Emotional awareness and ability to regulate emotions

For your teen to be resilient, they will need to become comfortable with their feelings and be able to express them appropriately. Help them understand that they are in control of their emotions and thoughts - not the other way around. Here are some helpful tips:

  • Naming without blaming – for instance, saying ‘I feel really frustrated’, but not blaming the emotion on someone or something – can lessen that emotion’s intensity.
  • Pausing and focusing on a thought. Rushing is the enemy of resilience.
  • Accepting that emotions aren’t good or bad – they just are.

A few tips for learning impulse control

We all have impulses to do and say things when we feel angry, annoyed or frustrated. This is normal and developing resilience doesn’t mean curbing their impulses. Instead, it’s about learning not to act on the unhelpful impulses. Try this four-step process with your teen:

  1. Stop and think – delay your response.
  2. Deep breaths – it calms and gives control.
  3. Before saying anything, think of three possible responses – choose the most constructive one.
  4. Respond politely and respectfully – it gets you heard.

Some ways to develop an optimistic mindset

Teach your teen optimism by getting them to think objectively about subjects like exams or their future, and to focus on the positives. Here are some helpful exercises:

  • Learn to say, ‘I can’t do it … yet.’ The way we talk to ourselves affects us. If your teen tells themself they can master something, chances are they will.
  • Embrace challenges as a means of learning. They may stuff up this time, but they’ll learn how to do it better next time.
  • Getting it done is what matters. Most tasks don’t require perfection, and that includes work and exams. So get your teen to focus on completion, rather than perfection.

It isn’t about your teen seeing the world through rose-coloured glasses. Rather, it’s about them feeling confident that, whatever comes their way, they’ll be able to cope.

The importance of thinking in ways that are flexible and accurate

In a world where the landscape is continually shifting, flexible thinking will go a long way to helping your teen become more resilient. Being able to come up with a Plan B (or Plan C!) will relieve pressure on them when they’re considering what comes next.
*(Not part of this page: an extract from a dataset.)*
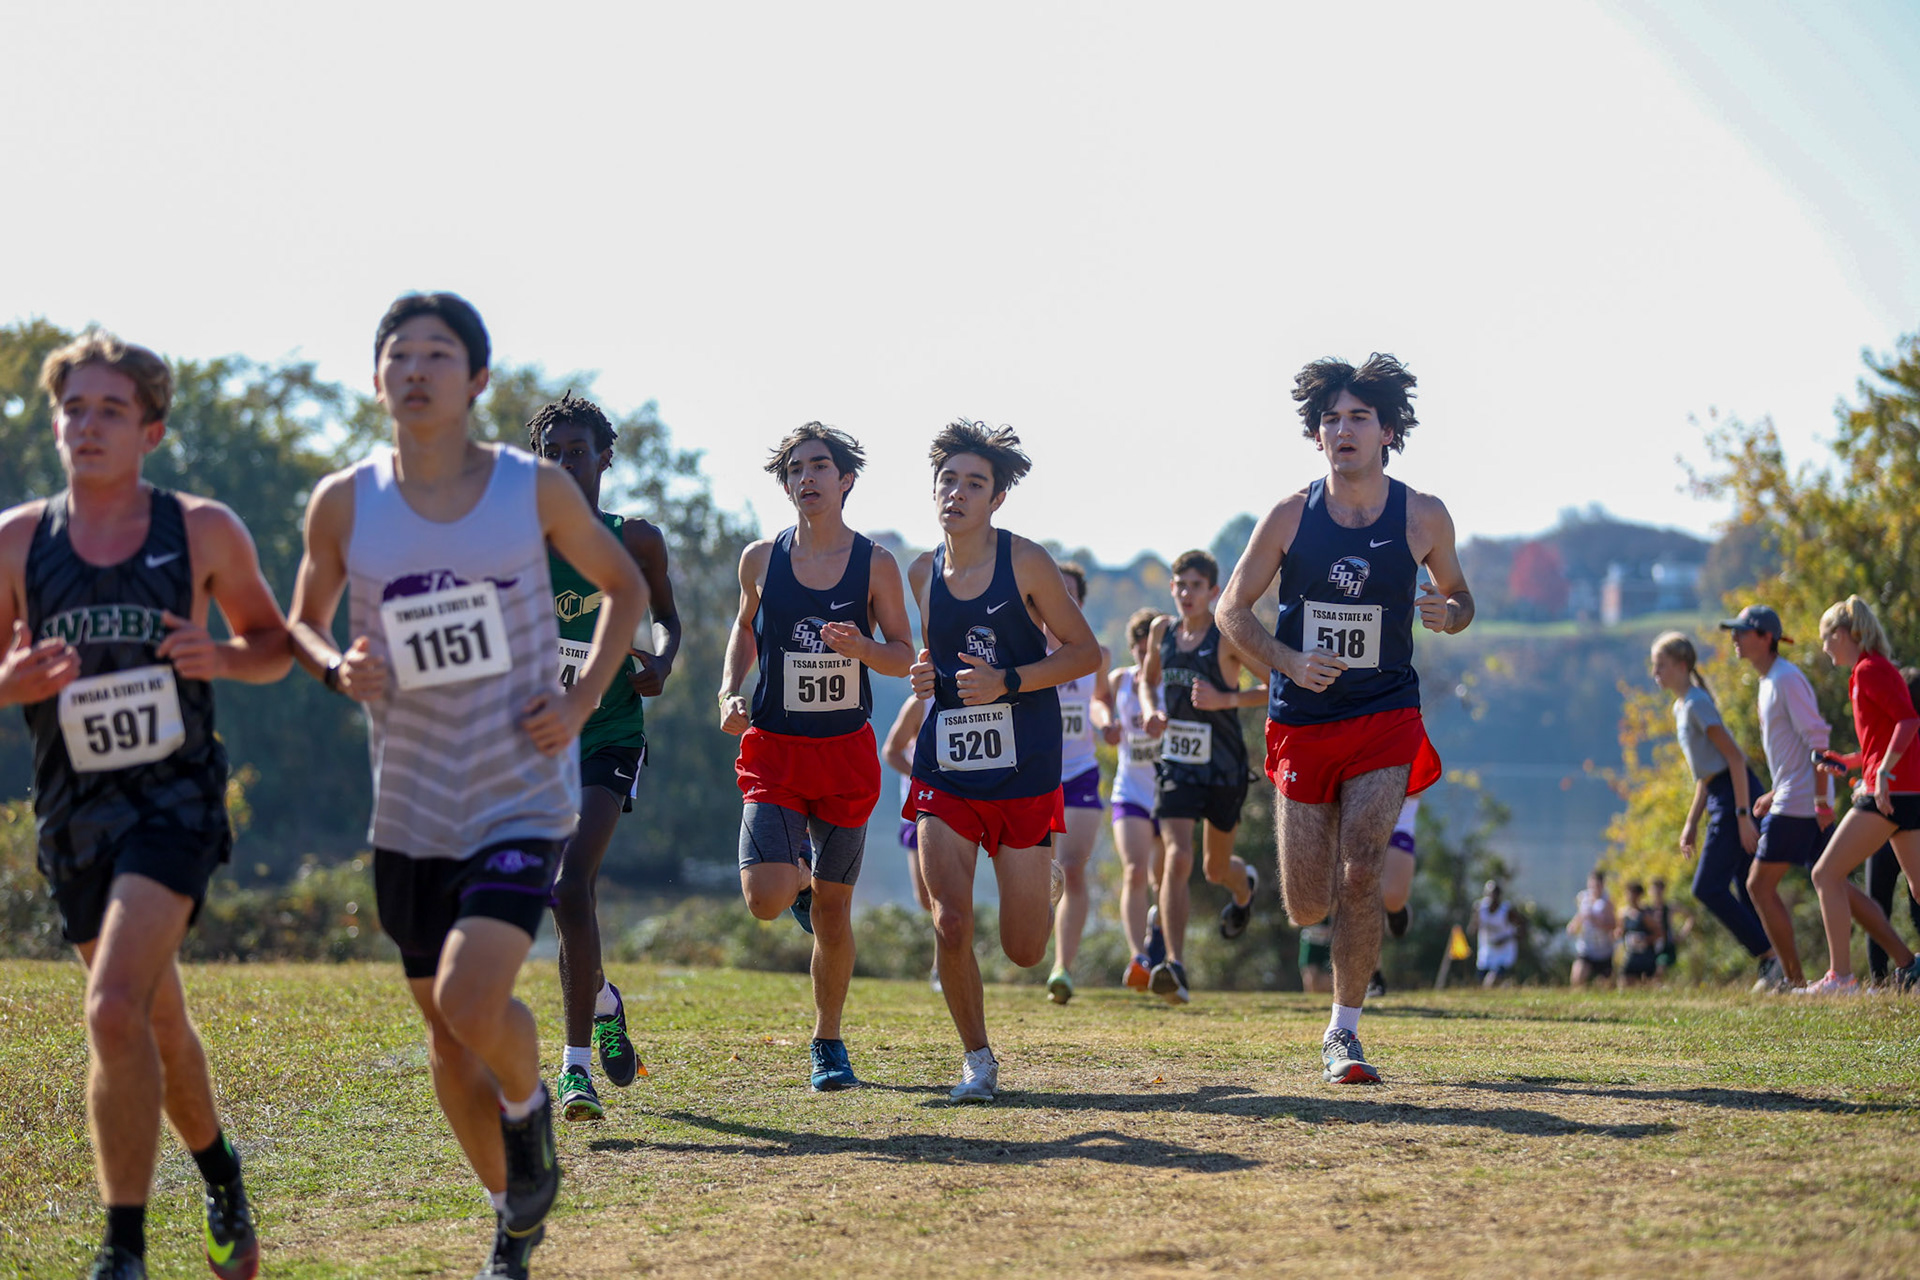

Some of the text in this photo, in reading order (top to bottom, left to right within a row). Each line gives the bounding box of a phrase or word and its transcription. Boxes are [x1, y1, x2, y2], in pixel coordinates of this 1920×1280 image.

Tips to help them think more flexibly and accurately:

  • Recognise that others may look at things differently. This encourages them to consider what others are looking for. A useful skill when applying for jobs or dealing with co-workers.
  • Practical versus personal explanations – for example, did that person forget because they’re busy and stressed, rather than inconsiderate?
  • Realise that it’s okay to feel uncertainty – feeling certain doesn’t guarantee you’re right.

Cultivating self-efficacy: teaching your teen to believe in themself

Self-efficacy is a person’s belief in their ability to succeed at something, and this can play a significant role in how your teen approaches achieving goals, performing tasks and overcoming challenges. You can help them to develop self-efficacy by asking:

  • What three things have you done in the past week that you did well?
  • How did these make you feel?
  • What three things have you completed in the past few months that other people have noticed?
  • How did these make you feel?

Seeking support when they need it

We all need help at times. Resilient people know when to ask for help and will reach out to others when they’re going through a tough time. You can encourage your teen to ask for support when they need it, and acknowledge and reward them when they do:

  • Assure your teen that seeking help is a sign of strength.
  • Keep an open dialogue with your teen, so it’s easier for them to bring things up.
  • Remind your teen of positive experiences when they or their friends got help in the past.

You can be a role model for resilience

Lead from the front and talk with your teen about your own experiences with knockbacks and failures, and how you were able to move on. It also doesn’t hurt to name drop a few famous faces that have bounced back from the bottom. From JK Rowling to Michael Jordan, some of the most successful people of all time have dealt with rejection and failure to get back on top.